When I heard that Xojo was completely rewriting the IDE and improving some language features, I was excited. This was where they're going to improve things to a more usable state on Linux, I thought. This was finally going to be us Linux devs time to shine and software written in Xojo ON LINUX would flood the marketplace.
Xojo released a stellar IDE with a lot of fixes for problems (exceptions work reliably and the IDE doesn't segfault!) Unfortunately, new bugs were introduced and it doesn't really look like Xojo is that interested in fixing them for Linux users. The showstopper for me is the IDE speed problem. The short of it is that, as you use the IDE, it continues to get slower and slower. After a few minutes, you'll type a whole line of code before it even shows on your screen. Moving controls within the visual editor is painfully slow too with controls often losing focus while you''re moving them and dropping back to the form. I honestly can't even begin to tell you if there are compiler bugs in the Linux compiler because, well, I can't actually write enough code to test it out.
So I'm abandoning Xojo on Linux. I might install it in Windows and use it to compile cross-platform but I'm giving up on my dream of having Xojo run smoothly enough on Linux where I can do my primary development there. For Linux, I'm going back to C# and Mono. It's not my preferred choice but it works and it's stable. I hope that Xojo takes a stronger interests in us Linux devs and actually fixes the issues it has on the platform but it just doesn't seem to be a huge priority for them.

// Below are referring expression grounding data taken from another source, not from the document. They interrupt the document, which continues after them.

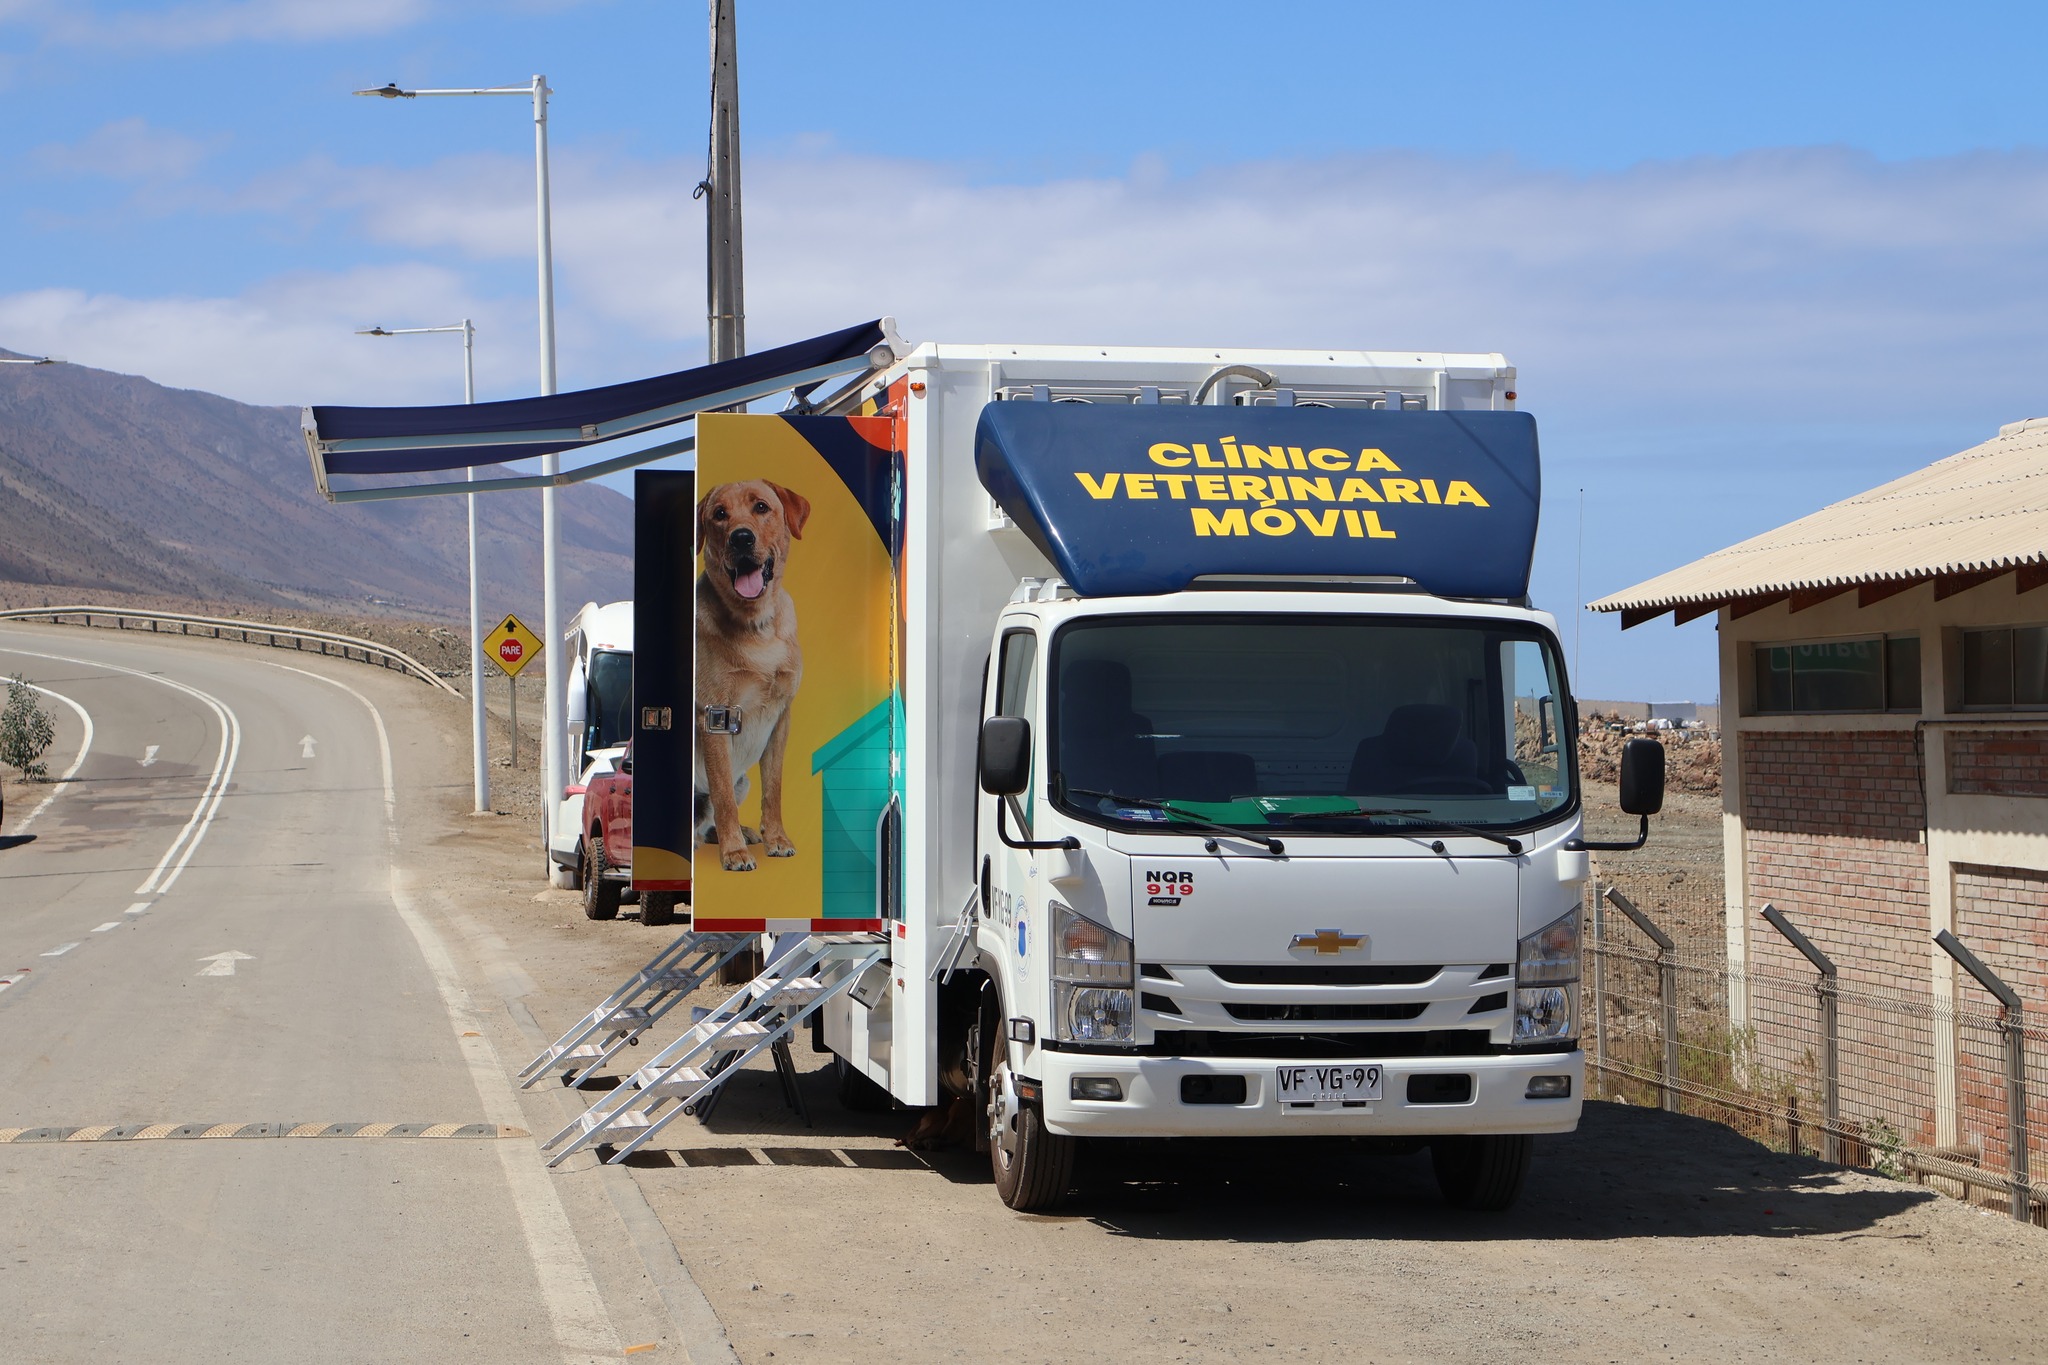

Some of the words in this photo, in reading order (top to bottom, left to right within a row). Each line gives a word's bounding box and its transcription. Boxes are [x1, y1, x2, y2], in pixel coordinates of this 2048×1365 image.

[1148, 435, 1402, 472] CLÍNICA
[1073, 472, 1491, 507] VETERINARIA
[1190, 500, 1397, 539] MÓVIL
[501, 645, 521, 655] PARE
[1146, 871, 1194, 883] NQR
[1146, 884, 1194, 895] 919

Now, what I wrote above sounds like an awful lot of complaining and it is. Xojo is asking professional developers to spend upwards of $1000 or more for a product that you will find unusable when you install it on Linux. I don't completely fault Xojo for this though. Xojo use on Linux is probably a minuscule part of their user base. Mac seems to be tops with Windows being second. They don't make a lot of money on Linux and there is no compelling reason for them to invest engineering time and resources into making it a world class product. There are a number of reasons most Linux devs don't use Xojo and stability has nothing to do with it. So, even if Xojo fixed the problems, they still wouldn't make money and I definitely don't expect them to spend time and money for such a little payout.
Still, I'm a bit sad. I really like Xojo and I love how fast it is to develop with. Perhaps I'll buy a Mac and use that as my development machine just so I can enjoy Xojo. But I sure wish I didn't have to. Maybe it's a case of wanting my cake and eating it too. Maybe I want too much from a company that doesn't make much money from my platform of choice. Perhaps I and my choice are the problem.
But perhaps...just perhaps...it will get better.